Trajectory Analysis: Explore genes that change along pseudotime trajectories.
Differential Expression Analysis: Identify differentially expressed isoforms across time points or sample conditions.
Differential Transcript Usage (DTU) Analysis: Investigate changes in isoform proportions between conditions.

Most preprocessing and QC steps remain the same. However, we will also demonstrate how to proceed directly from FLAMES output to initial QC without performing empty droplet removal or ambient RNA normalization. Although these steps are recommended, they may not always be necessary depending on the data.

9.0.1 Dataset Information

For this analysis, we are using a dataset comprising eight samples spanning four time points from an excitatory neuronal differentiation protocol. The protocol is the same as the one used for the D55 sample in previous chapters but utilizes a different cell line. Two samples were collected from each of the following time points:

Stem cells (STC)
Day 25
Day 55

Day 80

This comprehensive dataset will allow us to explore temporal changes in gene and isoform expression throughout neuronal differentiation.

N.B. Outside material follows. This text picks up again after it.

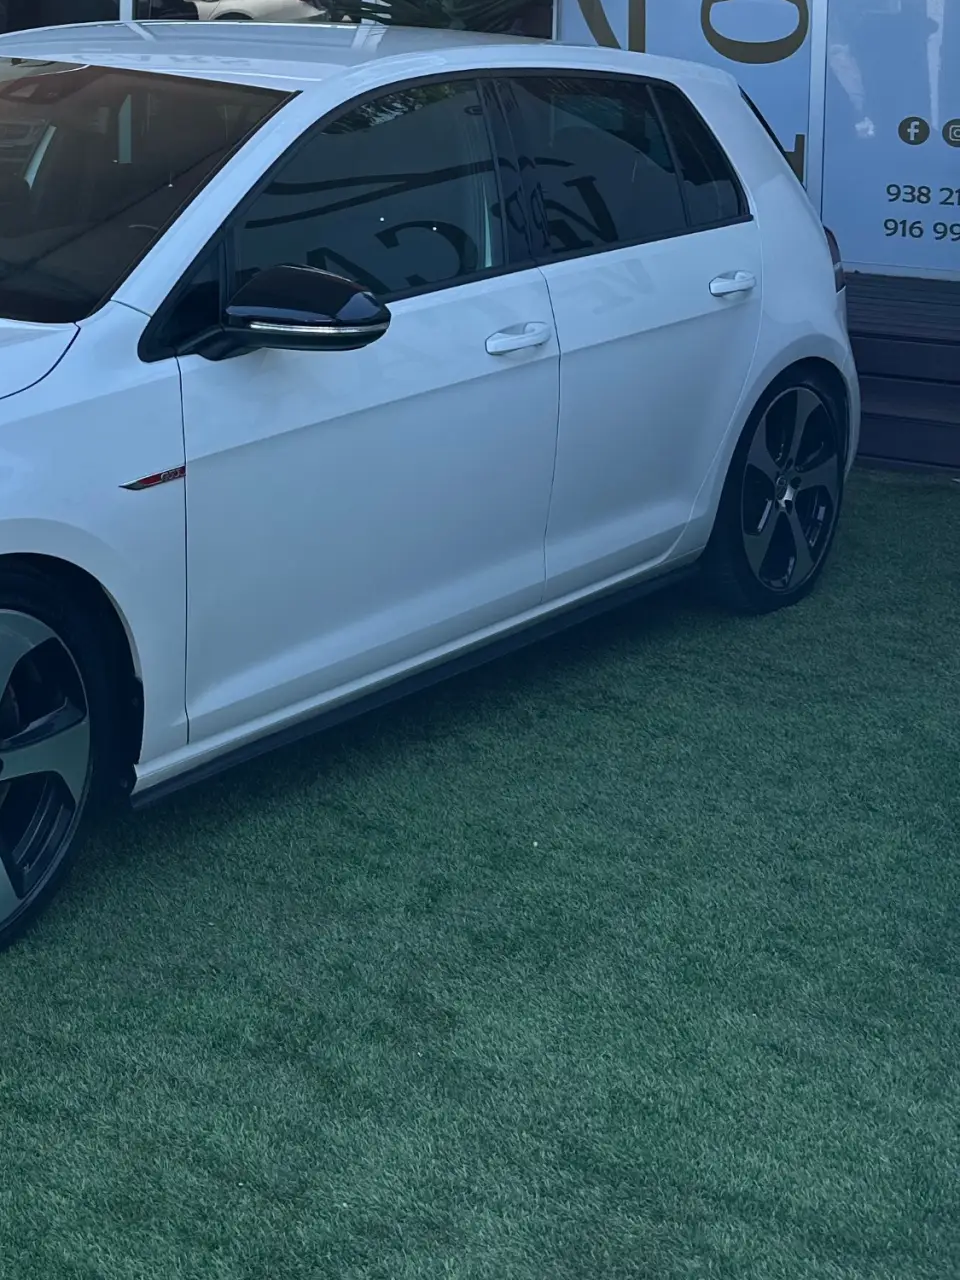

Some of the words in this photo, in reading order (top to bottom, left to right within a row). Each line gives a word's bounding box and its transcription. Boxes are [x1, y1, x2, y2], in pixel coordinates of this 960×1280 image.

[886, 184, 931, 205] 938
[883, 218, 924, 239] 916
[932, 221, 960, 242] 99

9.1 Standard pre-processing and quality control

As before we will modify the count matrix for each sample so we use gene_symbol instead of ENSG id. The Data generated from this multi-sample experiment is quite large. This is especially the case with Oarfish isoform quantification as there are many more features to consider. This means much of the workflow bellow is time consuming and computationally intensive. Please keep this in mind when processing your samples. In the tutorial we provide code for the required steps but do not evaluate many of the sections bellow due to these computations constraints. The raw counts are available in the multisample data folder if users wish to run through the analysis.

Code

# convert Gene_id to gene symbol for all counts
#run aloop to run this fucntion on all count files.
# Directory with input files
input_dir <- "./data/muti_sample/"
output_dir <- "./data/muti_sample/"

# List all CSV files in the input directory
input_files <- list.files(input_dir, pattern = "\\count.csv$", full.names = TRUE)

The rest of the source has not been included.